Tour reveals slow progress

Kent Dvorak, center, of the De Soto the Economic Development Council, peers out the bus window along side De Soto City Council members Thursday during a tour of the Sunflower Army Ammunition Plant south of De Soto. Sunflower Redevelopment is cleaning the 9,000 acres, much of which is contaminated from chemicals used to make explosive material. Sunflower Redevelopment aims to complete the project by 2012.

A warning sign hangs on a barbed wire fence at a closed entrance to the Sunflower Redevelopment area Thursday south of De Soto. The old Army ammunition plant is being demolished and cleaned to one day be used as residential land.

Sunflower Army Ammunition Plant, as seen on a bus tour Thursday, is a place where lush greenery contrasts with acres of neglected World War II era buildings, pitted concrete and other scenes of industrial decay.

But from time to time, the tour came upon a third landscape, one at which the plant’s new owners have begun the process of transforming brownfield sites into future residential neighborhoods, commercial centers or park land.

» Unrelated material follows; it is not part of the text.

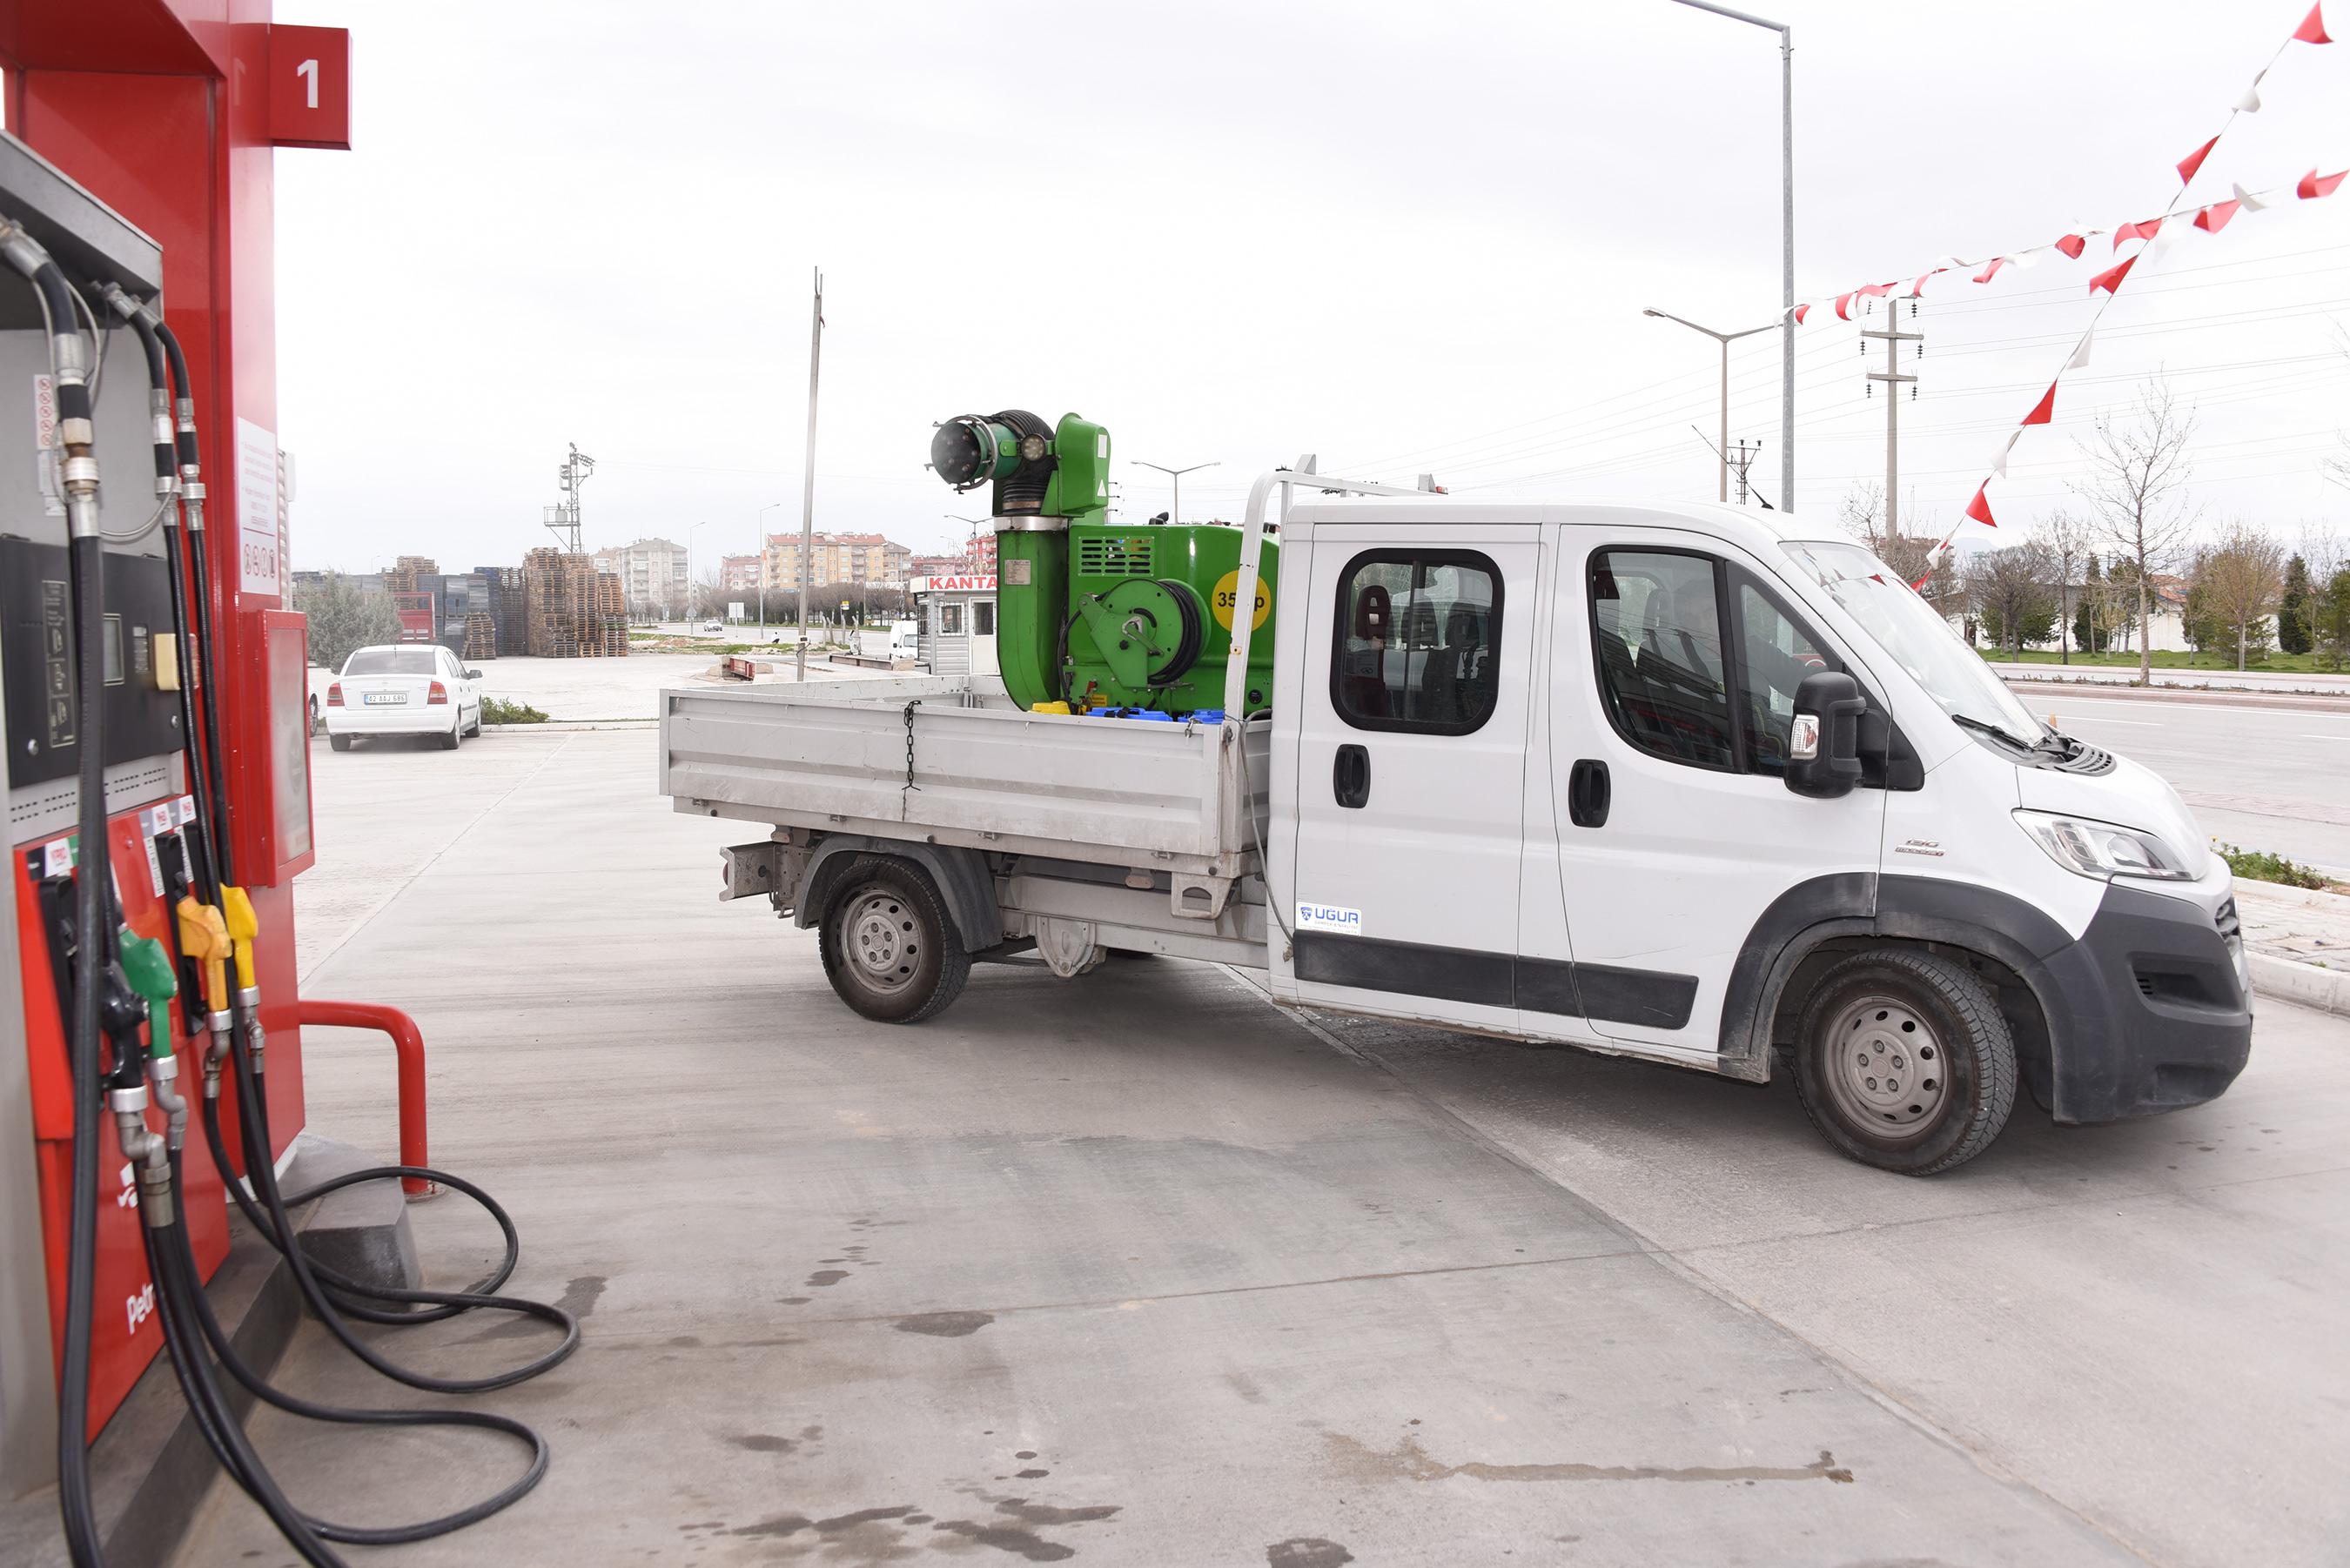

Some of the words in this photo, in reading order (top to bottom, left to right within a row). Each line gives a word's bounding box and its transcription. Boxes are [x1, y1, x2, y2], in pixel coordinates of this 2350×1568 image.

Sunflower Redevelopment LLC acquired the 9,065-acre plant south of De Soto in August 2005. With the federal government’s transfer of the plant to the partnership of Kessinger Hunter of Kansas City, Mo., International Risk Group Inc. of Denver and Prairie Center Investors LLC of Overland Park came with a commitment to clean up a property polluted from a half century of production of rocket propellant that started in World War II.

Sunflower Redevelopment arranged Thursday’s tour to update De Soto city officials and business leaders on the status of the cleanup.

Clean-up in progress

Although the cleanup got off to a slow start, the partners are committed to completing the environmental remediation by the end of 2012, said Sunflower Redevelopment executive director Kise Randall, who led the tour.

“We’ve got the resources and the commitment on our side to make that happen,” she said.

Environmental regulators, led by the Kansas Department of Health and Environment, have to share that commitment to realize the 2012 completion date, Randall told De Soto City Administrator Pat Guilfoyle.

The first three years of the cleanup focused on ridding the plant of explosive residue contaminating structures and sewer lines.

When the plant was transferred to Sunflower Redevelopment, about 1,000 structures possibly contaminated with explosive residue remained. Those structures were burned after being stripped of asbestos, fluorescents and other hazards because of the risk of explosion to workers if razed in traditional ways.

Randall said that part of the cleanup was finished with the burning of more than 110 buildings and 1,489 foundations, sumps and drains. However, area residents still will see columns of smoke rising from the plant as the environmental team led by International Risk Group burns 36 miles of sewer line, possibly containing explosive residue, and pastures to restore the prairie environment.

Methods

Work is now under way to break up and stockpile concrete from the explosive-cleansed foundations and other concrete structures, Randall said.

“We’ll have 11 or 12 large hills of concrete on the property,” she said.

Those with traces of pesticide or other pollutants will be shipped off-site, while the rest will probably be used as base material for parking lots and other future development on the plant, Randall said.

With the burn program completed, 1,000 aging buildings still dot the plant. Randall said it was the developer’s responsibility to deal with those structures without state or federal regulation.

Although some soil cleanup has already been completed, that part of the cleanup will become more intense in the next two years, Randall said.

There are 100 sites spread throughout the plant where explosives, sulfates, nitrates, heavy metals, organic compounds and pesticides are known or thought to pollute the ground. Randall said an estimated 279,000 cubic yards would be dug up, treated and removed.

At each site, Sunflower Redevelopment’s environmental team must propose a cleanup and verification method to regulators led by the Kansas Department of Health and Environment, remove contaminated soil, fill in excavations and confirm over time that the remediation was successful. Only when all those steps are completed can the site be certified as clean and developed, Randall said.

‘It’s safe’

Generally, the plan is to clean from the plant’s exterior to its interior, in part because of the commitment to donate 2,000 acres along Sunflower’s eastern, southern and western boundary to the Johnson County Parks and Recreation District, Randall said.

Some sites on higher ground would be addressed earlier to prevent runoff from re-contaminating already cleaned ground, she said.

Among the areas scheduled for cleanup is the 200 acres to be transferred to Kansas University for a life science research park and an adjacent 250 acres that Sunflower Redevelopment is reserving for the same use.

All areas are to be cleaned to residential standards with the exception of landfills. In select places, that would dictate digging as deep as 18 feet to remove soil near the bottom of basement drains, Randall said.

“As the end owners of the property, there is no incentive for us to cut corners on the cleanup,” she said. “We want people to know it’s safe to live here.”